When Is Surgical Intervention Appropriate?
When GERD has progressed to a level where conventional therapies are no longer satisfactory, surgical intervention may be warranted to correct the underlying anatomical cause of GERD, the defective antireflux valve. Over the last 50 years, the procedure has evolved from an open to a laparoscopic procedure, and recently to a new incisionless procedure. .
Laparoscopic reconstruction of the antireflux valve has been shown to be effective in 75 to 90 percent of patients in alleviating heartburn and 50 to 75 percent in alleviating cough, asthma, and laryngitis. Studies and years of clinical use prove that an anatomical correction is key to long-term prevention of GERD and disease progression.

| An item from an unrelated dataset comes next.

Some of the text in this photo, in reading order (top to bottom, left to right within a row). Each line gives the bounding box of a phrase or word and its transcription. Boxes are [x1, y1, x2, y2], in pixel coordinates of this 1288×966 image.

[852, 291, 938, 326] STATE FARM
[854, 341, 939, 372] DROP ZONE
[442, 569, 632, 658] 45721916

However, even laparoscopic surgical repair can be invasive, requiring from three to four small abdominal incisions, and typically has a high incidence of side effects like gas bloat and difficulty swallowing. For this reason, fewer than one percent of GERD patients choose invasive surgical therapy to treat their condition.

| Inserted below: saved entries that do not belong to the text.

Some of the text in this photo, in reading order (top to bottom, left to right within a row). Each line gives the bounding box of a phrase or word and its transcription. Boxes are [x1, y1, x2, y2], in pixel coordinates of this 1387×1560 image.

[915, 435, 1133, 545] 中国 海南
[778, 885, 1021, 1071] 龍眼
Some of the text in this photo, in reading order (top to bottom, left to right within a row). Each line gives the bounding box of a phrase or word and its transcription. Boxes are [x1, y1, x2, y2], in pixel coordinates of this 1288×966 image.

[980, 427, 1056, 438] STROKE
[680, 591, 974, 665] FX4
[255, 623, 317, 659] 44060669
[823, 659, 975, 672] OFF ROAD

The new incisionless procedure called TIF (Transoral Incisionless Fundoplication), made possible by the innovative EsophyX device, is performed through the patient's mouth, or "transorally." TIF is the third wave in the evolution of surgical procedures for the treatment of GERD and builds upon the principles of open and laparoscopic surgical procedures and is only minutely invasive. TIF delivers similar benefits as the time-proven laparoscopic antireflux procedure. The key differences are that TIF reconstructs the antireflux valve through the mouth, does not require incisions, and does not dissect any part of the natural internal anatomy. Recovery and discomfort are reduced and most patients are able to return to work and normal activities within a couple of days following the procedure.